■ Task to carry out:
The records follow. Copy them exactly, but omit the pictures.

■ Records:

┌──

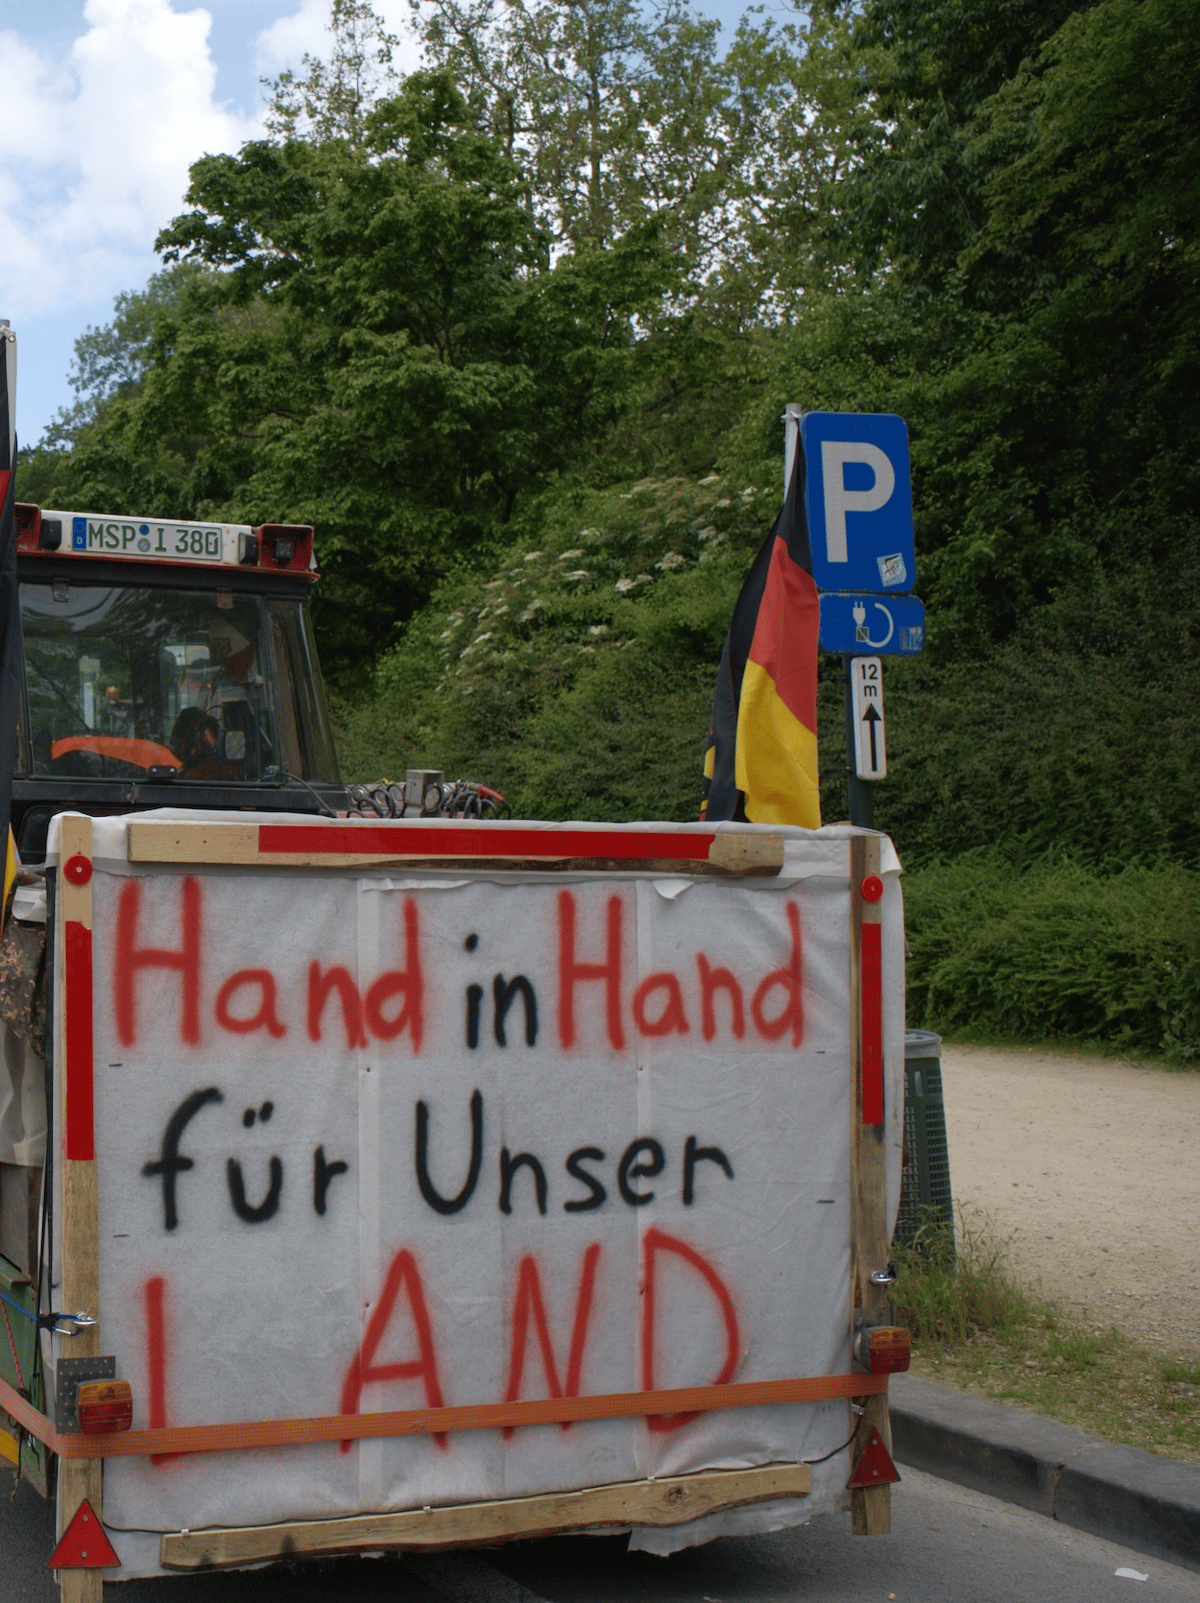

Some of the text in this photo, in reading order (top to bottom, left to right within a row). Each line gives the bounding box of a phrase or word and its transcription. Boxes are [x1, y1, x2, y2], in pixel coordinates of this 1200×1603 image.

[88, 522, 136, 549] MSP
[155, 527, 167, 552] I
[175, 528, 219, 555] 380
[820, 440, 896, 563] P
[861, 664, 878, 680] 12
[864, 685, 877, 697] m
[114, 876, 806, 1052] Hand in Hand
[143, 1086, 734, 1231] für Unser
[143, 1226, 741, 1466] LAND

└──

■ Answer space:
Some of the text in this photo, in reading order (top to bottom, left to right within a row). Each line gives the bounding box of a phrase or word and its transcription. Boxes are [x1, y1, x2, y2], in pixel coordinates of this 1200×1603 image.

[88, 522, 136, 549] MSP
[155, 527, 167, 552] I
[175, 528, 219, 555] 380
[820, 440, 896, 563] P
[861, 664, 878, 680] 12
[864, 685, 877, 697] m
[114, 876, 806, 1052] Hand in Hand
[143, 1086, 734, 1231] für Unser
[143, 1226, 741, 1466] LAND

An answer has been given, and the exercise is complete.